### Activity
Repeat the listing exactly as given, omitting every image.

+===+

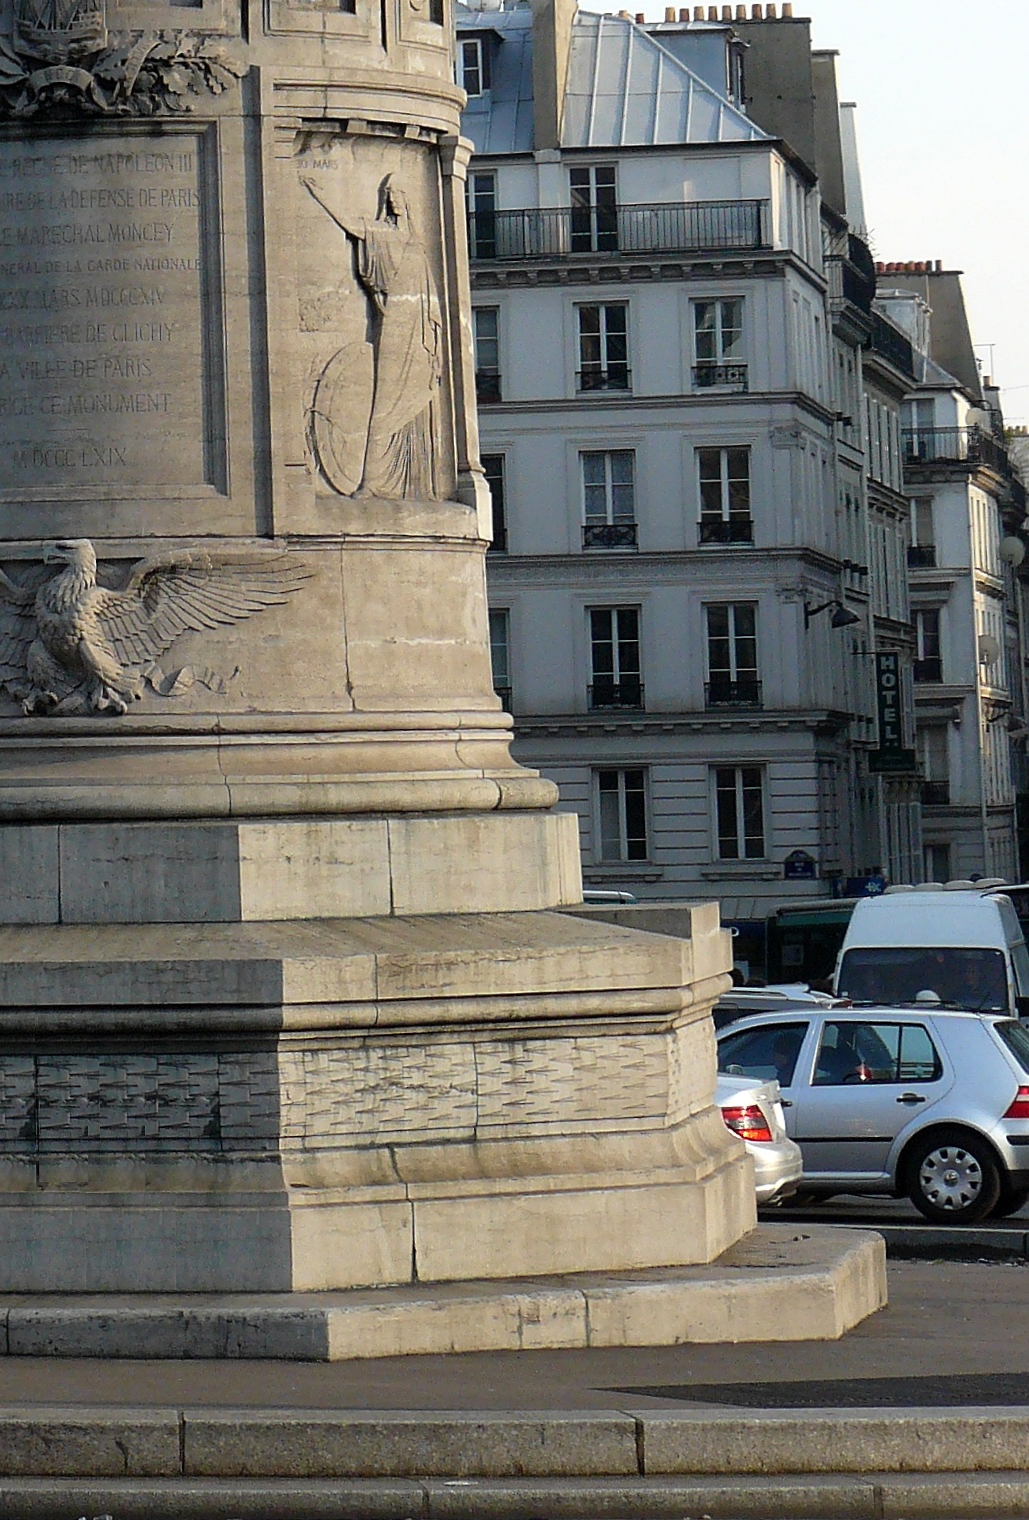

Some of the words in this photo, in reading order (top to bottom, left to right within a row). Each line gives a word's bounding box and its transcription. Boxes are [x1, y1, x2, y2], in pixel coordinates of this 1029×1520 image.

[68, 155, 90, 174] DE
[96, 153, 174, 174] NAPOLEON
[178, 154, 192, 172] III
[312, 158, 339, 170] MARS
[48, 191, 69, 210] LA
[70, 188, 135, 209] DEFENSE
[138, 188, 157, 208] DE
[160, 188, 202, 207] PARIS
[16, 223, 105, 247] MARECHAL
[108, 223, 174, 243] MONCEY
[44, 260, 62, 274] DE
[65, 260, 83, 273] LA
[87, 259, 130, 272] GARDE
[133, 258, 201, 272] NATIONALE
[85, 323, 107, 344] DE
[112, 322, 175, 343] CLICHY
[15, 360, 67, 381] VILLE
[72, 358, 96, 379] DE
[101, 357, 152, 378] PARIS
[38, 395, 62, 416] CE
[66, 392, 172, 415] MONUMENT
[879, 655, 898, 740] HOTEL
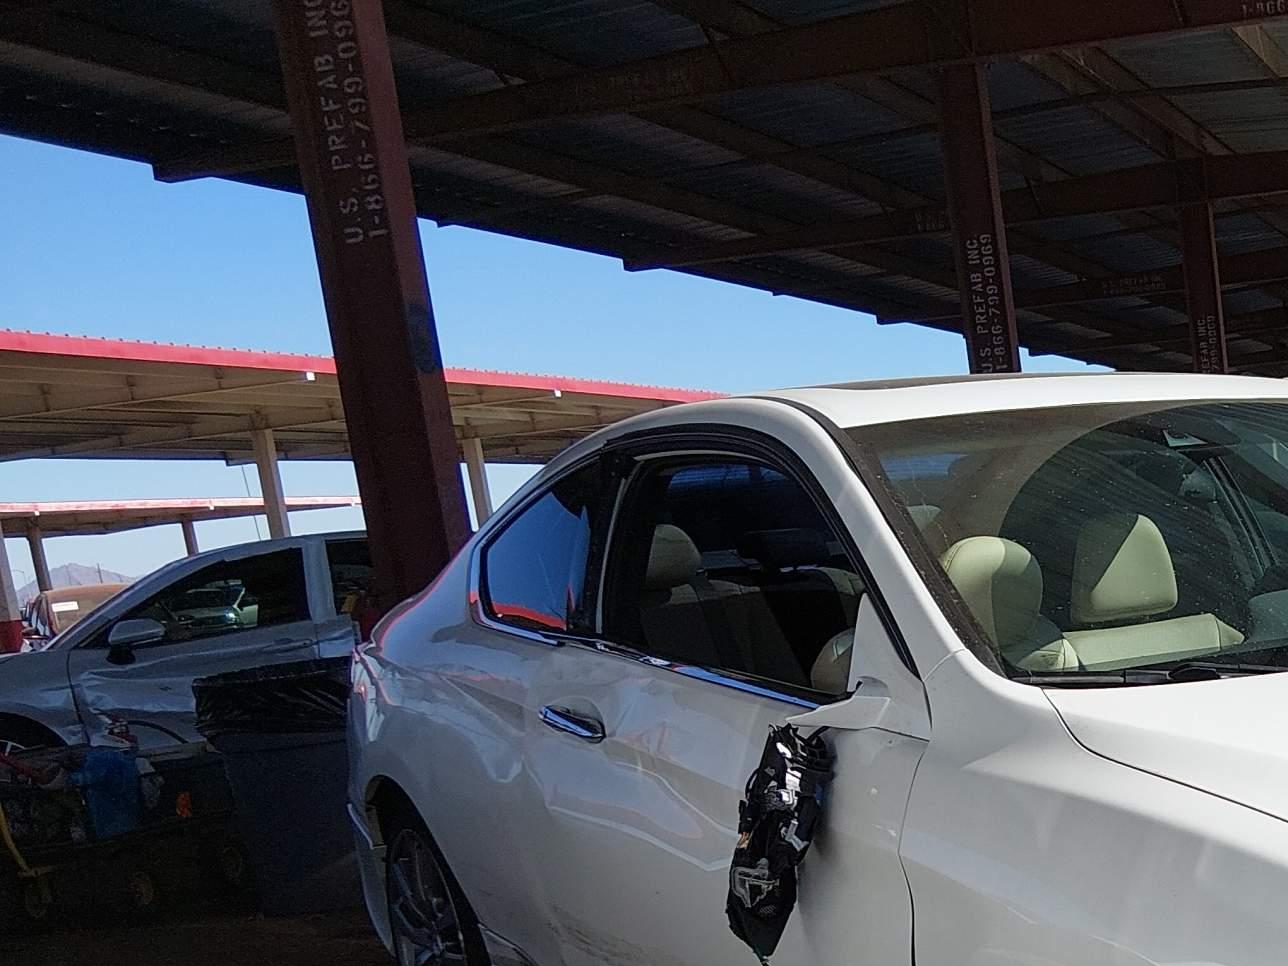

+===+

### Problem solution
Some of the words in this photo, in reading order (top to bottom, left to right within a row). Each line gives a word's bounding box and its transcription. Boxes are [x1, y1, x2, y2], in pixel coordinates of this 1029×1520 image.

[68, 155, 90, 174] DE
[96, 153, 174, 174] NAPOLEON
[178, 154, 192, 172] III
[312, 158, 339, 170] MARS
[48, 191, 69, 210] LA
[70, 188, 135, 209] DEFENSE
[138, 188, 157, 208] DE
[160, 188, 202, 207] PARIS
[16, 223, 105, 247] MARECHAL
[108, 223, 174, 243] MONCEY
[44, 260, 62, 274] DE
[65, 260, 83, 273] LA
[87, 259, 130, 272] GARDE
[133, 258, 201, 272] NATIONALE
[85, 323, 107, 344] DE
[112, 322, 175, 343] CLICHY
[15, 360, 67, 381] VILLE
[72, 358, 96, 379] DE
[101, 357, 152, 378] PARIS
[38, 395, 62, 416] CE
[66, 392, 172, 415] MONUMENT
[879, 655, 898, 740] HOTEL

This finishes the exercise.